Un texte de Dominique Arel
Thèmes : Nation, Politique
Numéro : Argument 2014 - Exclusivité Web 2014

L’avenir immédiat de l’Ukraine peut paraître bien sombre*. Alors qu’elle vient d’être amputée de la Crimée, la pression de la Russie sur ses territoires de l’Est s’accentue. Des sources occidentales confirment que les dizaines de milliers de soldats russes massés aux frontières orientales n’ont rien à voir avec des exercices militaires et auraient la capacité d’intervenir très rapidement. Des groupes inconnus occupent les bureaux de l’administration régionale à Donetsk et des services de sécurité (SBU) à Louhansk, les deux grandes villes du Donbas, région minière d’Ukraine et fief du président déchu Viktor Ianoukovitch. Le siège de Louhansk, région limitrophe de Rostov, où se cachait Ianoukovitch, est très inquiétant parce que les occupants sont armés jusqu’aux dents. La Russie refuse toujours de reconnaître le gouvernement ukrainien, entend dicter l’ordre constitutionnel de l’Ukraine avec un plan qui effectivement casserait le pays en deux, et s’emploie à utiliser l’arme du gaz et peut-être de la fermeture des frontières pour étrangler l’économie ukrainienne.

 On entend souvent dire que l’appui occidental à l’insurrection du Maidan a constitué un affront direct aux intérêts sécuritaires de la Russie, mais il faut bien comprendre que la préoccupation première de la Russie est la nature même du régime politique en Ukraine. À l’époque de la Guerre Froide, les régimes inféodés devaient être communistes. À celle du président Poutine, ils doivent être autoritaires, et donc dépendants de la Russie. Il s’agit donc moins des intérêts de l’État de la Russie, que celle d’un dirigeant qui exerce un contrôle quasi absolu sur les institutions politiques, judiciaires, sécuritaires et médiatiques du pays et qui ne peut tolérer qu’un régime ouvert s’implante en Ukraine, puisque le pluralisme mène nécessairement à l’Europe au sens des idéaux de l’État de droit, de la contestation politique, de la primauté de l’individu, et de la liberté de marché (avec ses zones d’ombres telles que le néo-libéralisme, l’évasion fiscale des puissants, la montée de l’extrême droite, et la tabloïdisation de la vie politique).

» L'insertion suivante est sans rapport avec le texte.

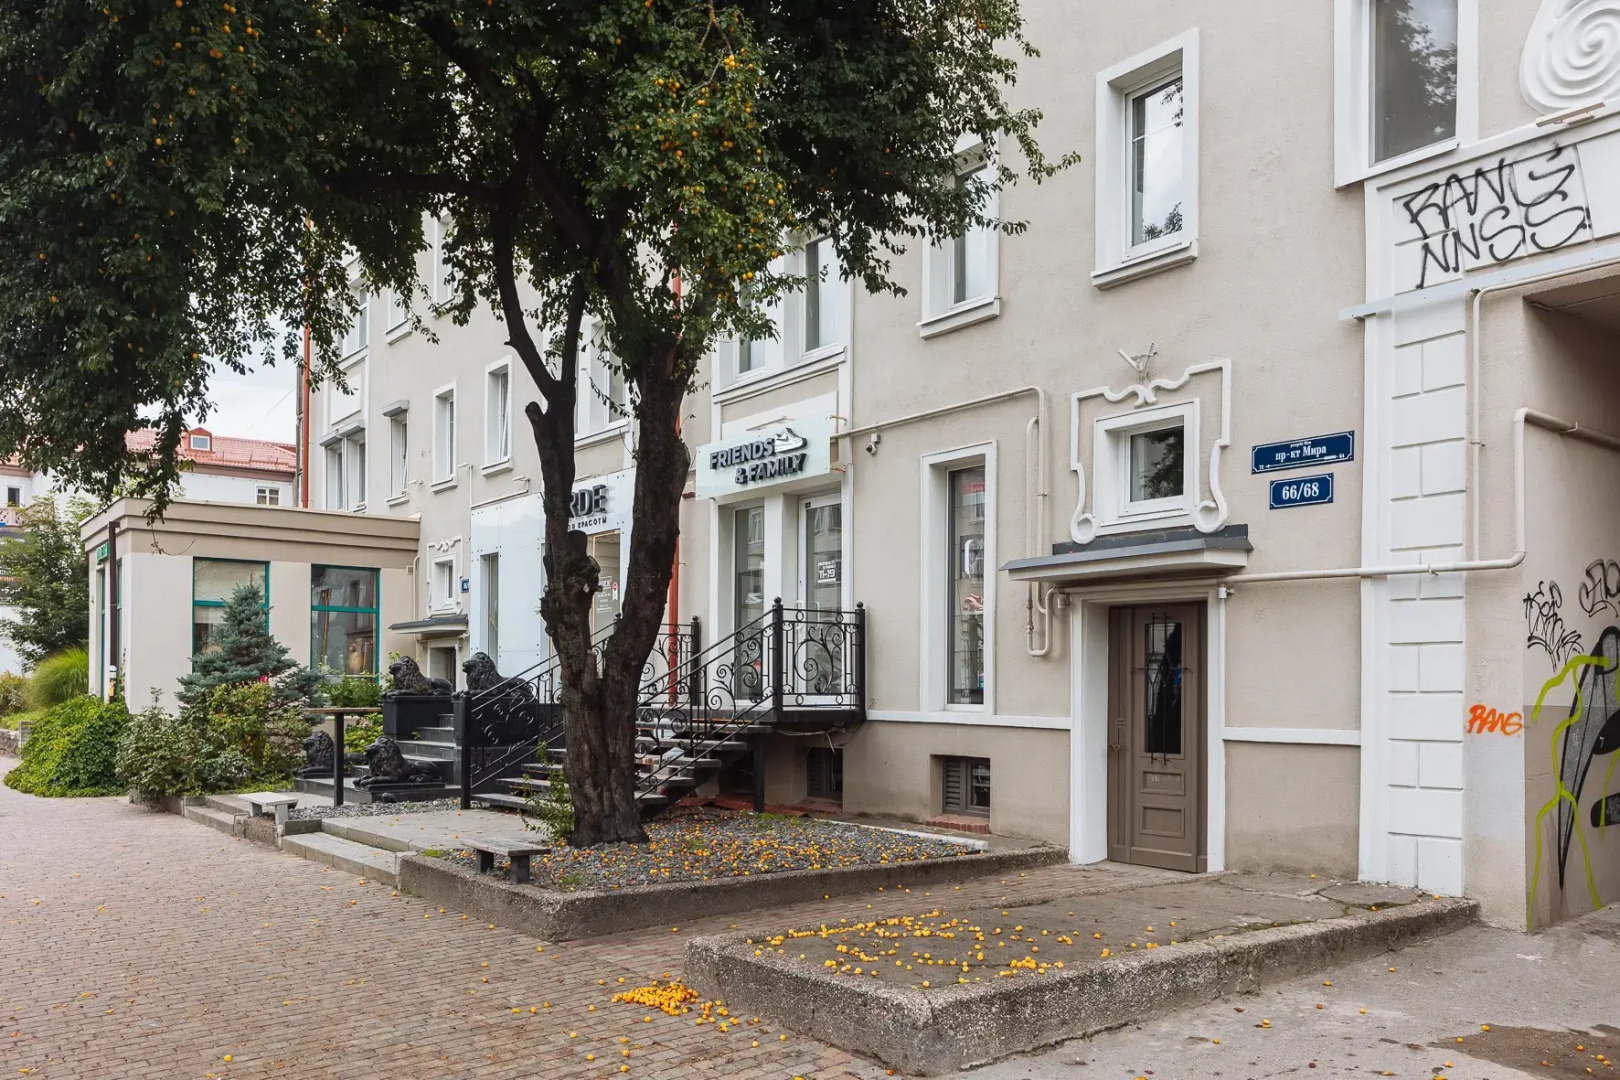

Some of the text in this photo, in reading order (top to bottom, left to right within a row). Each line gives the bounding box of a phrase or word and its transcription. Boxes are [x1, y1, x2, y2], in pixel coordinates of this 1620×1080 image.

[710, 438, 775, 469] FRIENDS
[1275, 445, 1327, 462] пр-кт Мира
[735, 453, 807, 484] & FAMILY
[569, 484, 608, 518] RDE
[1282, 482, 1319, 500] 66/68
[577, 516, 607, 528] КРАСОТЫ
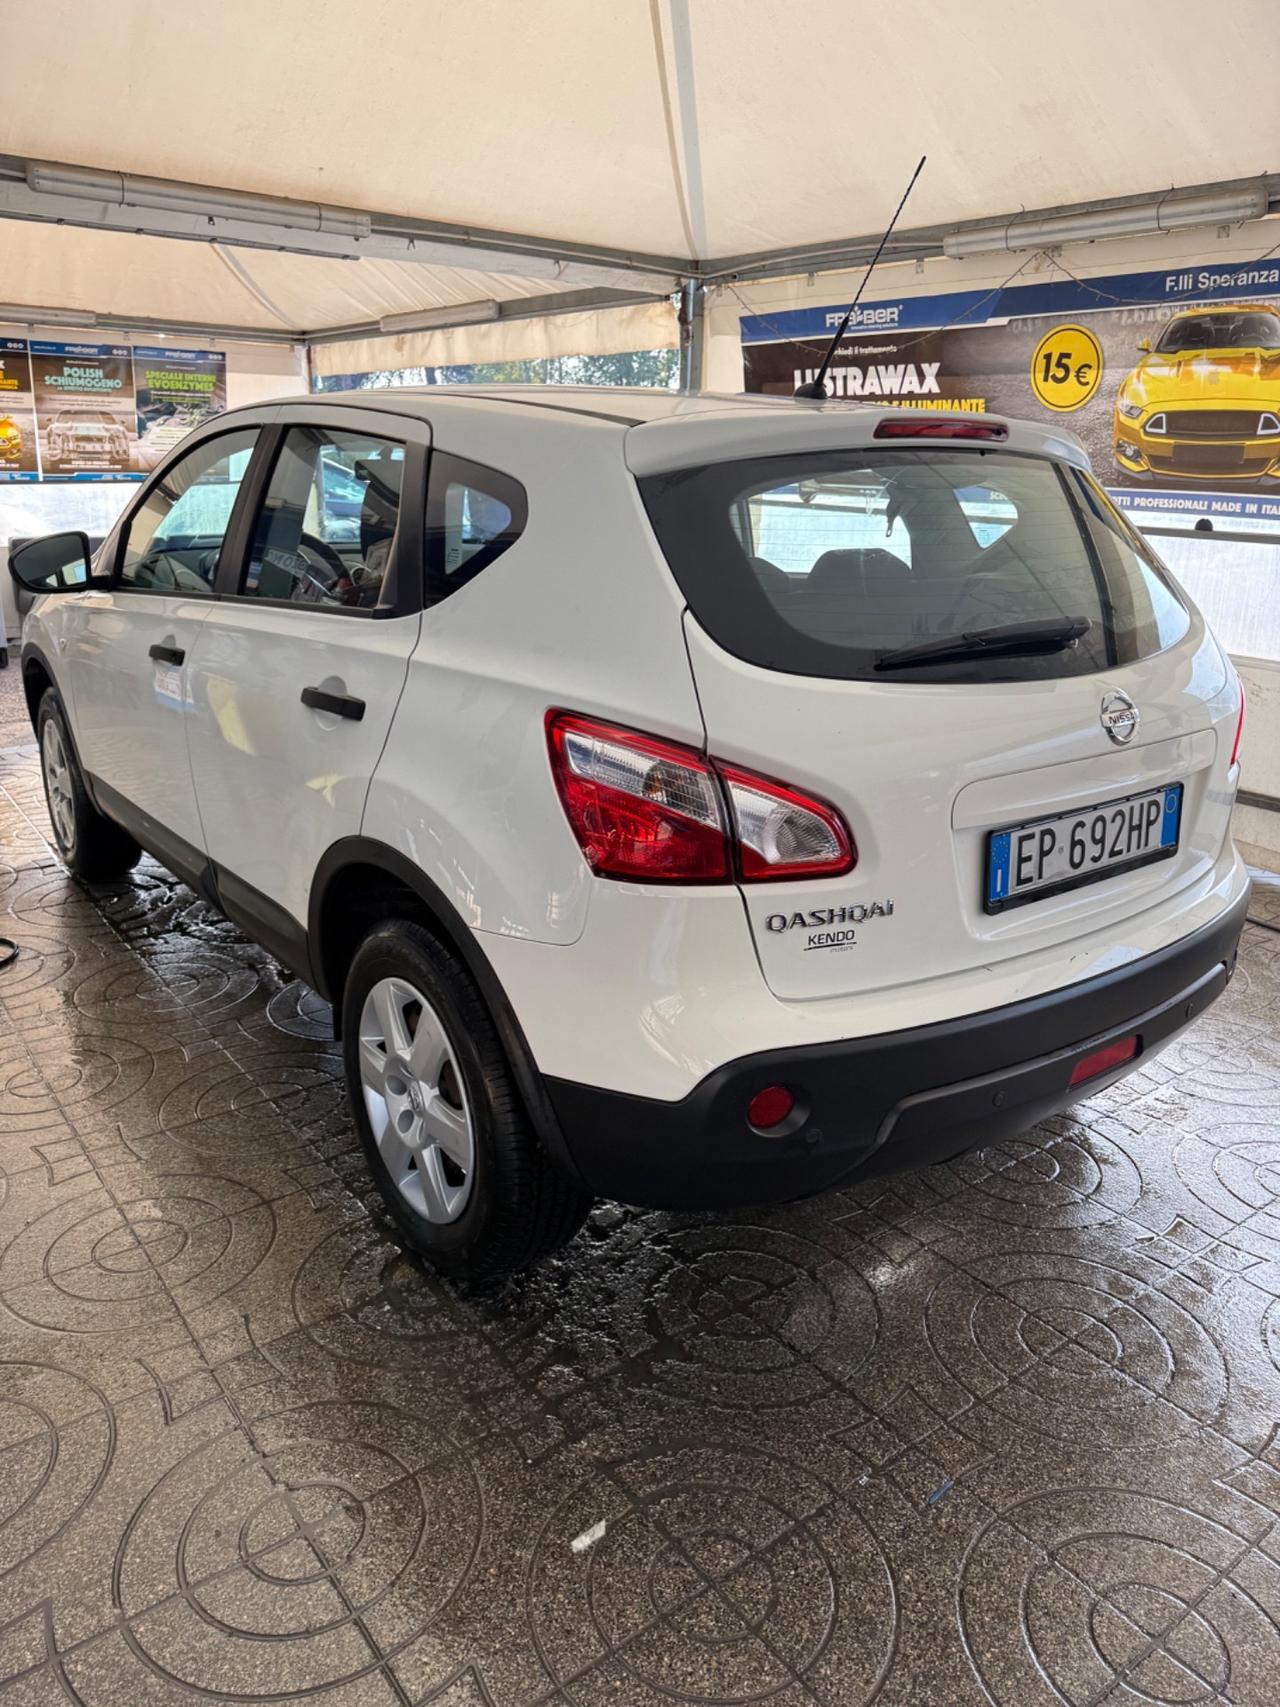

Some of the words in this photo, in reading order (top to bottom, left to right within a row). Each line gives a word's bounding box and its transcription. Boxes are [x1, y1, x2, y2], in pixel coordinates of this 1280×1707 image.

[1198, 269, 1279, 293] Speranza
[859, 344, 897, 354] trattamento
[63, 367, 104, 379] POLISH
[145, 370, 183, 380] SPECIALE
[44, 375, 122, 389] SCHIUMOGENO
[148, 380, 215, 392] EVOENZYMES
[1134, 497, 1208, 510] PROFESSIONALI
[1211, 502, 1241, 513] MADE
[1245, 503, 1257, 514] IN
[1261, 503, 1280, 515] ITA
[1016, 829, 1057, 887] EP
[1069, 799, 1161, 870] 692HP
[808, 930, 855, 945] KENDO
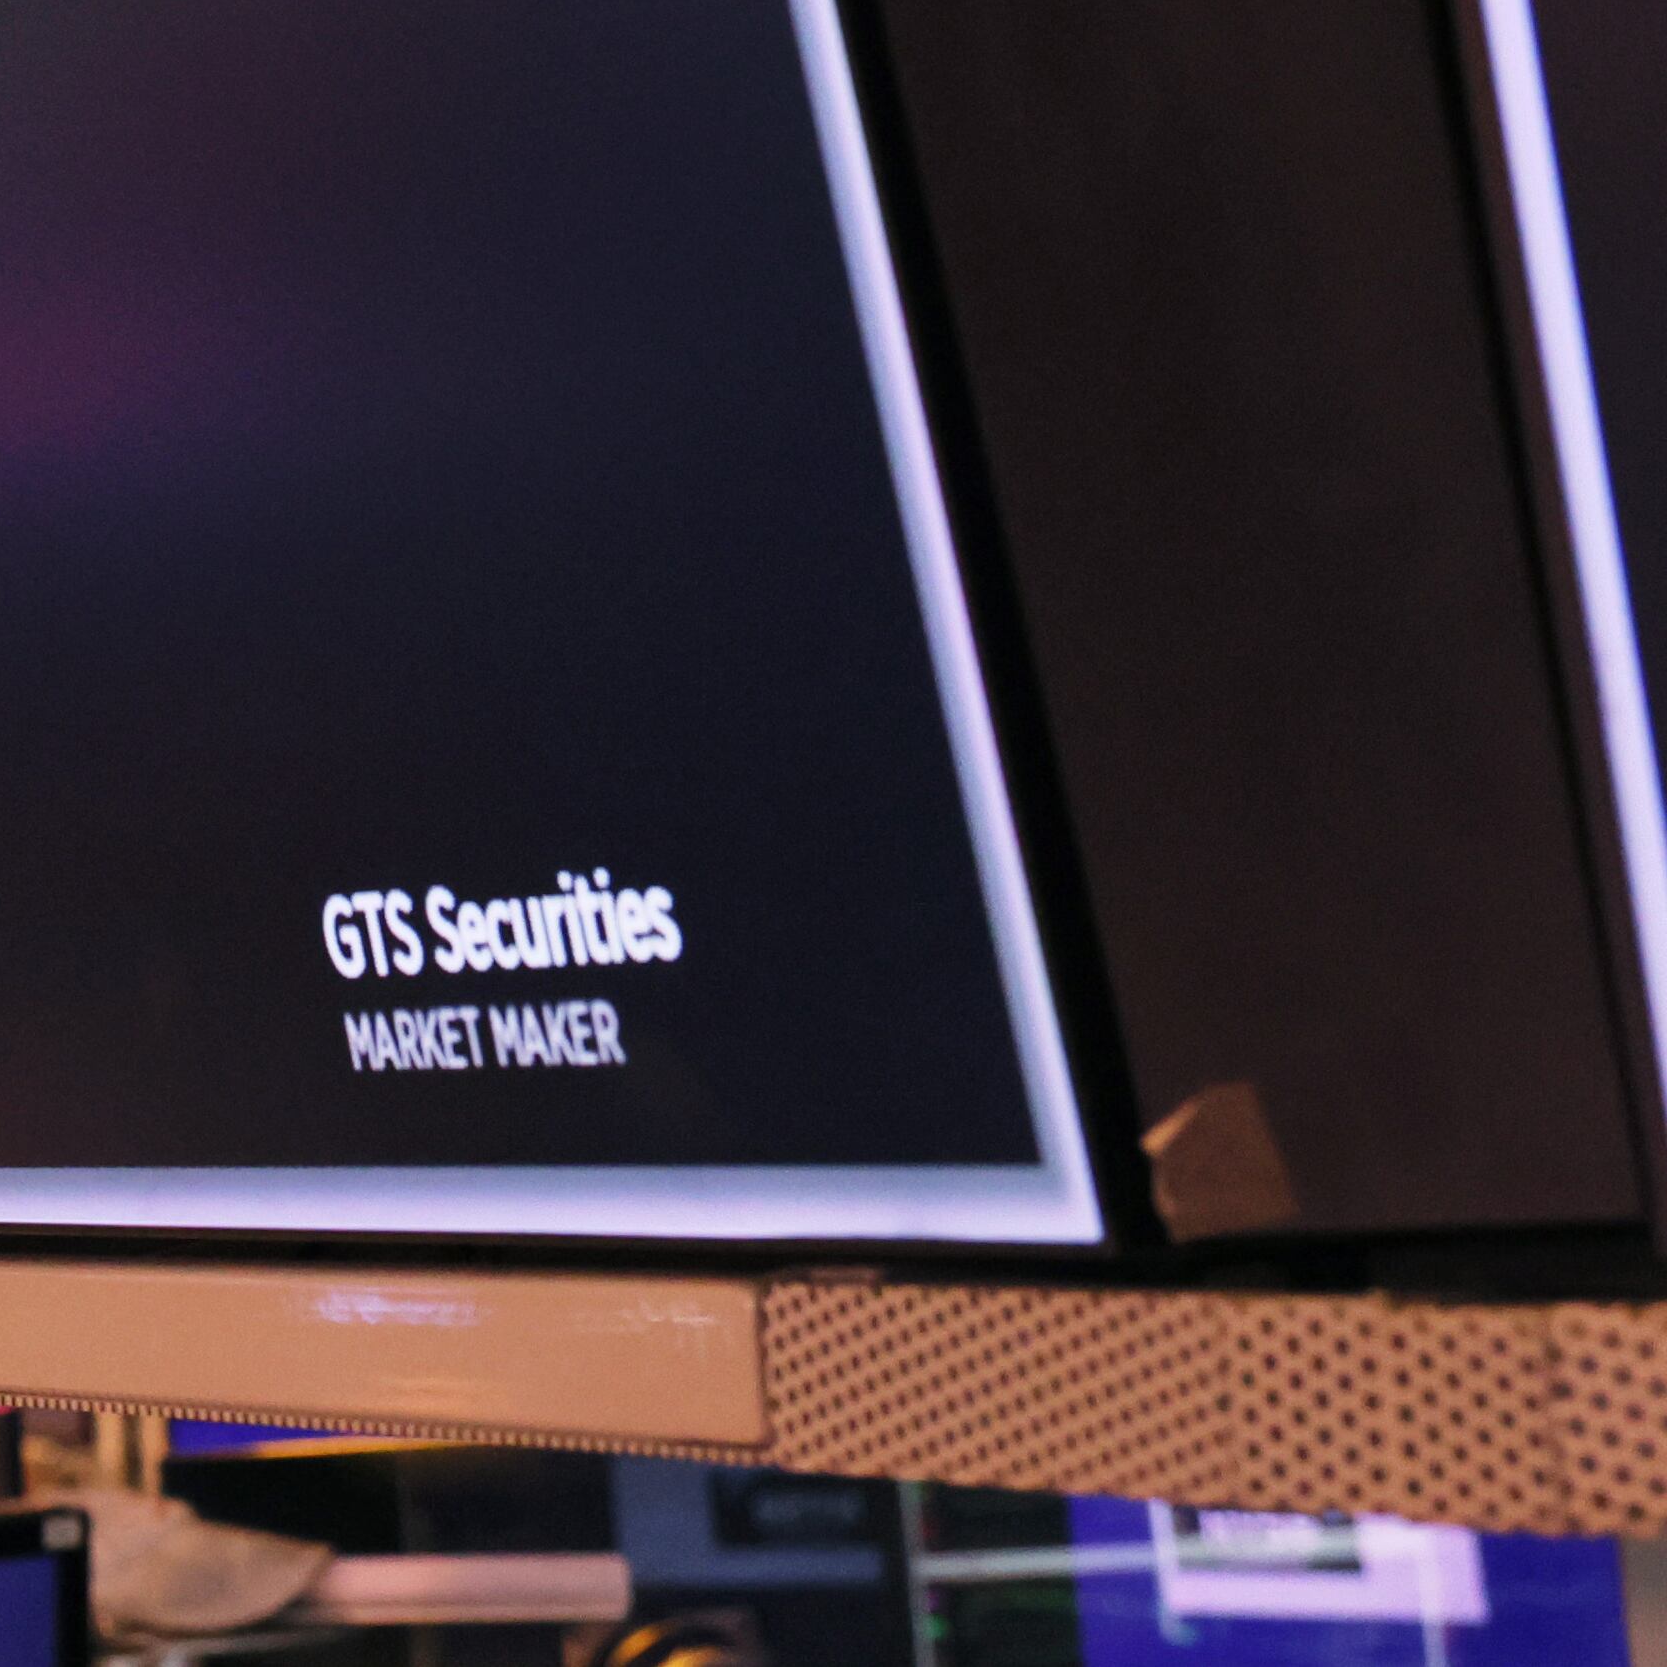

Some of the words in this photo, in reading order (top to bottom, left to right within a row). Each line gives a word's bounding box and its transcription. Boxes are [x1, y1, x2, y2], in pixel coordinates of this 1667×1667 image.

[322, 887, 425, 980] GTS
[425, 866, 683, 974] Securities
[343, 1005, 483, 1072] MARKET
[488, 998, 627, 1068] MAKER

Tout part de ce constat. Pour le président Poutine, un modèle de contestation politique, sur des terres considérées comme “russes” de surcroît, ne peut être que le fruit d’une ingérence occidentale, laquelle, reprenant la phraséologie de la Deuxième Guerre mondiale, ne peut être que “fasciste”. C’est l’insécurité du dirigeant d’un système hyper-centralisé qui conduit à l’annexion criméenne et à la menace du démembrement de l’Ukraine, et non les intérêts géopolitiques pérennes d’un État. Une Russie sous Eltsine agirait, et a agi, bien différemment. Mais quelle est la part de l’Ukraine elle-même dans sa transformation, une fois de plus, en un terrain de confrontation internationale?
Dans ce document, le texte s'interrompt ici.